Alterações Ecológicas no Nordeste Açucareiro: Josué de Castro observou como a paisagem natural do Nordeste brasileiro, outrora coberta por florestas tropicais, foi drasticamente transformada pela ação humana, especialmente pela expansão da produção de açúcar. Ele enfatizou a importância de compreender como as ações humanas podem desequilibrar ecossistemas e alterar as condições naturais, levando a consequências ambientais significativas.

Conflito Interior e Fome: Josué de Castro explorou a relação entre a fome e os impulsos humanos. Ele descreveu os estados de espírito extremos no sertão nordestino como manifestações de um conflito interior entre os instintos básicos de sobrevivência (fome) e outros desejos e aspirações humanas. Isso reflete a complexidade da condição humana e os desafios enfrentados por aqueles que lutam para satisfazer necessidades básicas.

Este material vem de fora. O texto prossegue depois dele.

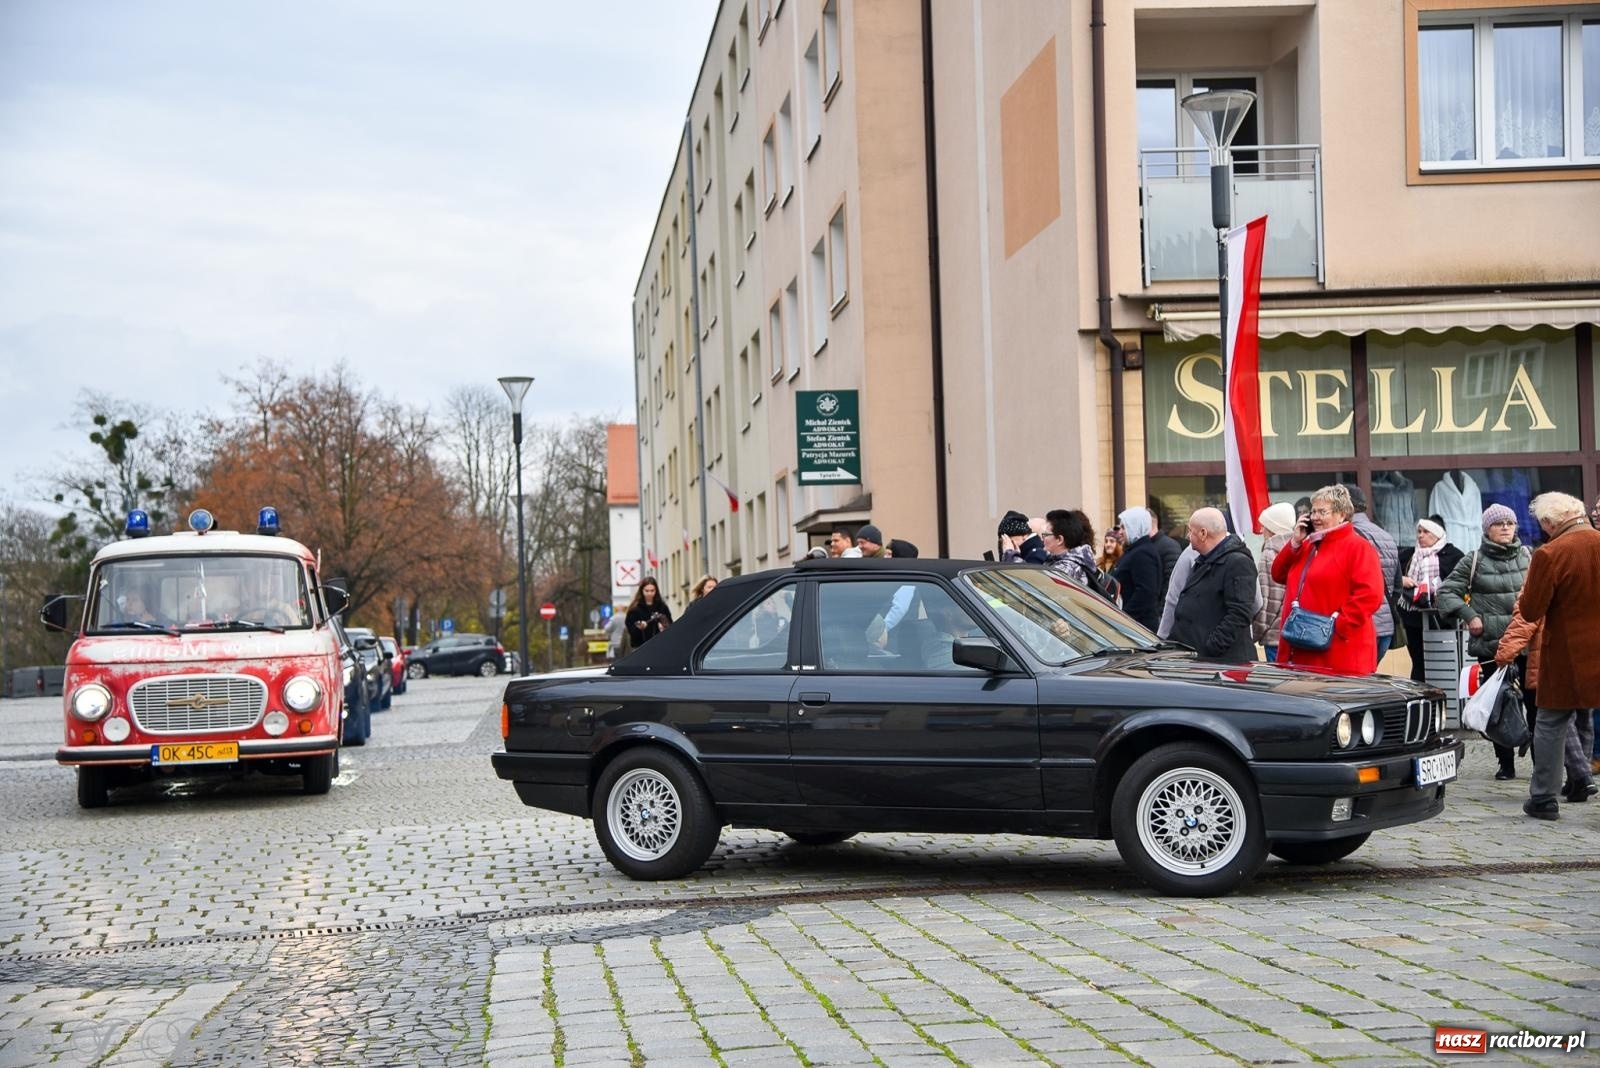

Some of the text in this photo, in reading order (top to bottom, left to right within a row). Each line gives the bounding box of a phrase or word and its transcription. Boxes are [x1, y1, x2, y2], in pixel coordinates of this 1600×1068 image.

[1167, 352, 1557, 440] STELLA
[801, 452, 828, 460] Patrycja
[162, 747, 181, 761] OK
[187, 745, 214, 760] 45C
[1422, 759, 1436, 782] SRC

Desenvolvimento Econômico: Josué de Castro argumentou que o Brasil precisava avançar além de sua infraestrutura econômica pré-capitalista, que ainda mantinha grande parte de sua população em condições precárias. Ele via a erradicação da fome como um desafio crucial para a atual geração e como um símbolo da superação do subdesenvolvimento. Sua visão era de que o país deveria se modernizar e garantir que todos os cidadãos tivessem acesso a alimentos e oportunidades econômicas.

Fome não é causada por escassez de alimentos: Josué de Castro argumentou de maneira convincente que a fome não é uma consequência direta da falta de alimentos em termos quantitativos. Ele destacou que a produção de alimentos não era o problema central, mas sim a distribuição desigual dos recursos e das riquezas. Essa percepção ajudou a desmistificar muitos mitos sobre as causas da fome.

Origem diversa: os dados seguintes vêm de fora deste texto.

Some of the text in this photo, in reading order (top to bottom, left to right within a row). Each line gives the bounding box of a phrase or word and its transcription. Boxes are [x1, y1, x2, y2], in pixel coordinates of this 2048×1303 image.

Conexão entre fome e desigualdade: Josué de Castro identificou a desigualdade social e econômica como a raiz da fome e da miséria. Ele argumentou que a concentração de terras e recursos nas mãos de poucos, em detrimento das massas empobrecidas, era o cerne do problema. Isso o levou a se tornar um forte defensor da reforma agrária como uma solução crucial.

Análise internacional da fome: Em “Geopolítica da Fome”, Josué de Castro expandiu sua análise da fome para uma perspectiva internacional, examinando como a desigualdade global e os processos de colonização contribuíram para a pobreza extrema em diferentes continentes. Ele demonstrou como a exploração econômica e política estava ligada à perpetuação da fome em todo o mundo.

Desafio à narrativa dominante: Josué de Castro desafiou ativamente a narrativa convencional de sua época, que muitas vezes culpava as vítimas da fome por sua própria situação. Em vez disso, ele enfatizou a responsabilidade das estruturas sociais e econômicas na criação da fome e da miséria.